Transcribe every entry below word for word, but skip the pictures.

───

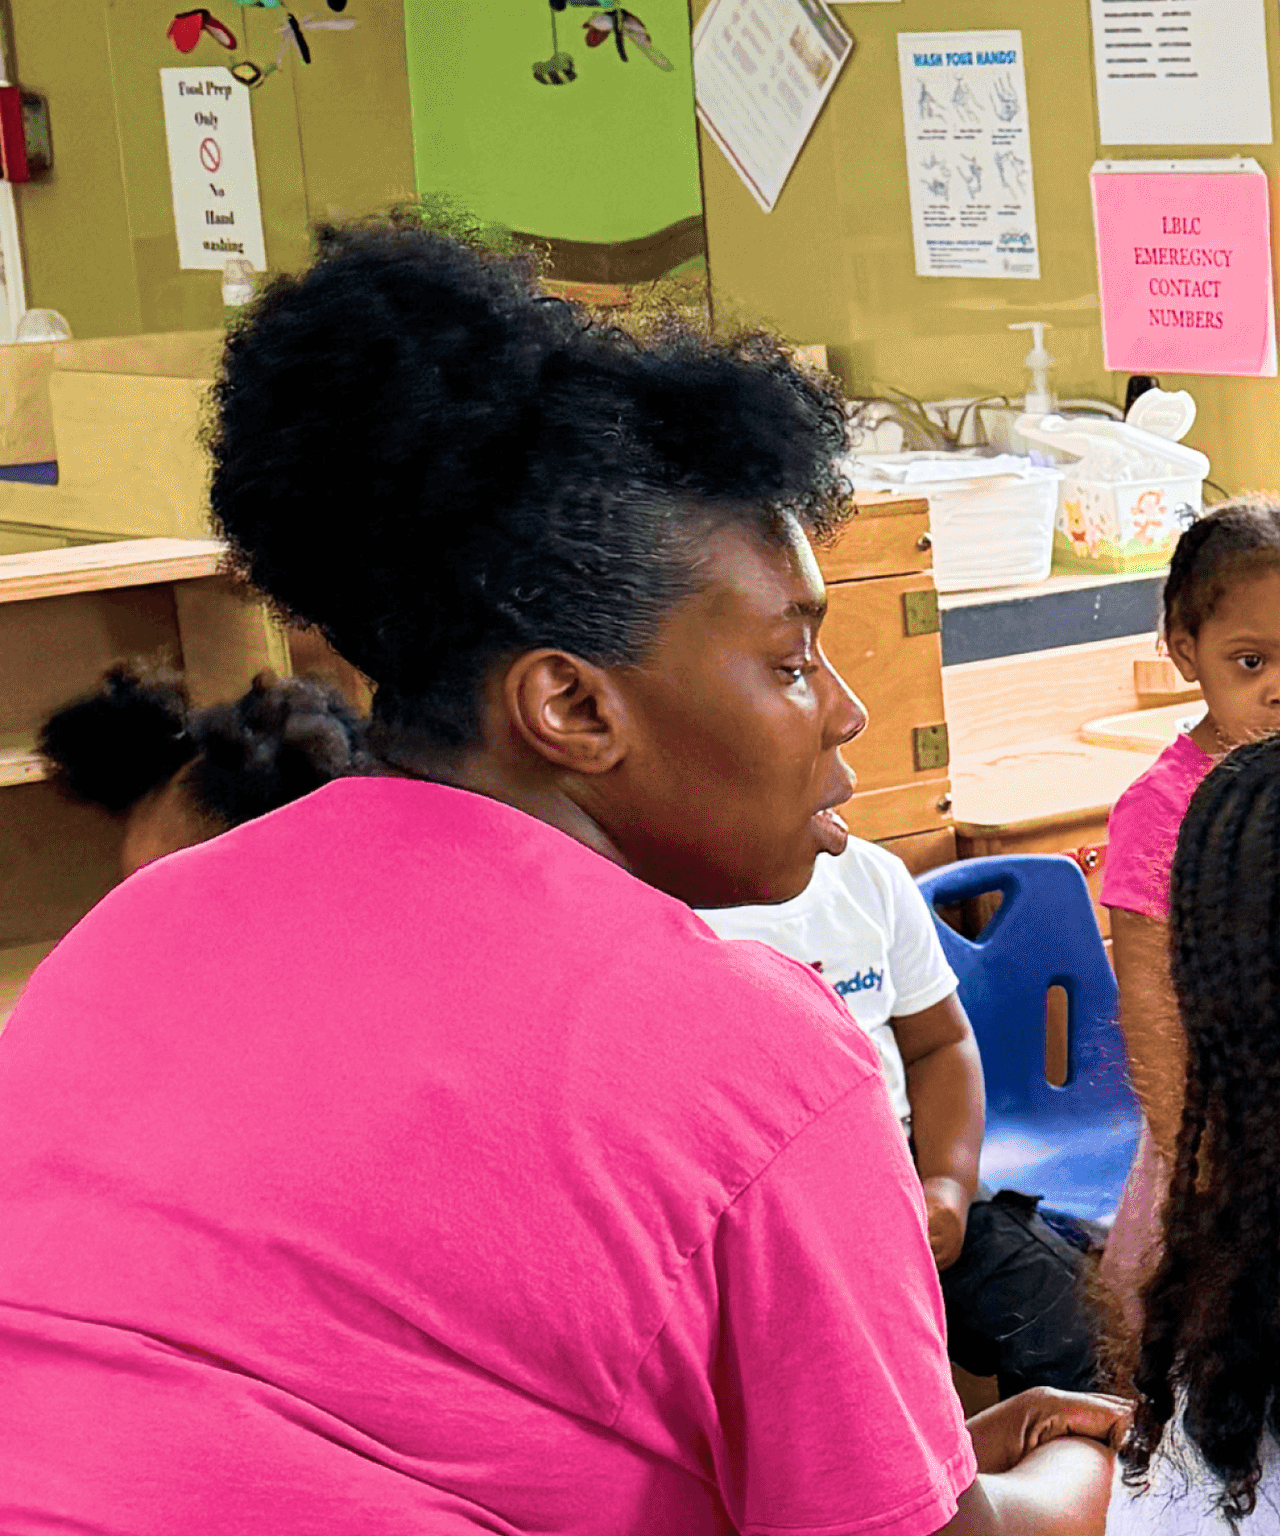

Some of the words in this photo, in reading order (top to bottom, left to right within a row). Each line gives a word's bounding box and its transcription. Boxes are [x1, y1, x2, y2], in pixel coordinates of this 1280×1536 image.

[913, 53, 943, 67] WASH
[945, 52, 973, 66] YOUR
[178, 81, 204, 96] Food
[206, 81, 232, 101] Prep
[194, 111, 219, 131] Only
[208, 182, 226, 198] No
[205, 209, 235, 225] Hand
[1162, 216, 1201, 235] LBLC
[202, 236, 245, 255] washing
[1133, 247, 1233, 267] EMEREGNCY
[1149, 277, 1222, 298] CONTACT
[1149, 308, 1223, 329] NUMBERS
[833, 966, 884, 997] addy

───

_YOUR SOLUTION_
Some of the words in this photo, in reading order (top to bottom, left to right within a row). Each line gives a word's bounding box and its transcription. Boxes are [x1, y1, x2, y2], in pixel coordinates of this 1280×1536 image.

[913, 53, 943, 67] WASH
[945, 52, 973, 66] YOUR
[178, 81, 204, 96] Food
[206, 81, 232, 101] Prep
[194, 111, 219, 131] Only
[208, 182, 226, 198] No
[205, 209, 235, 225] Hand
[1162, 216, 1201, 235] LBLC
[202, 236, 245, 255] washing
[1133, 247, 1233, 267] EMEREGNCY
[1149, 277, 1222, 298] CONTACT
[1149, 308, 1223, 329] NUMBERS
[833, 966, 884, 997] addy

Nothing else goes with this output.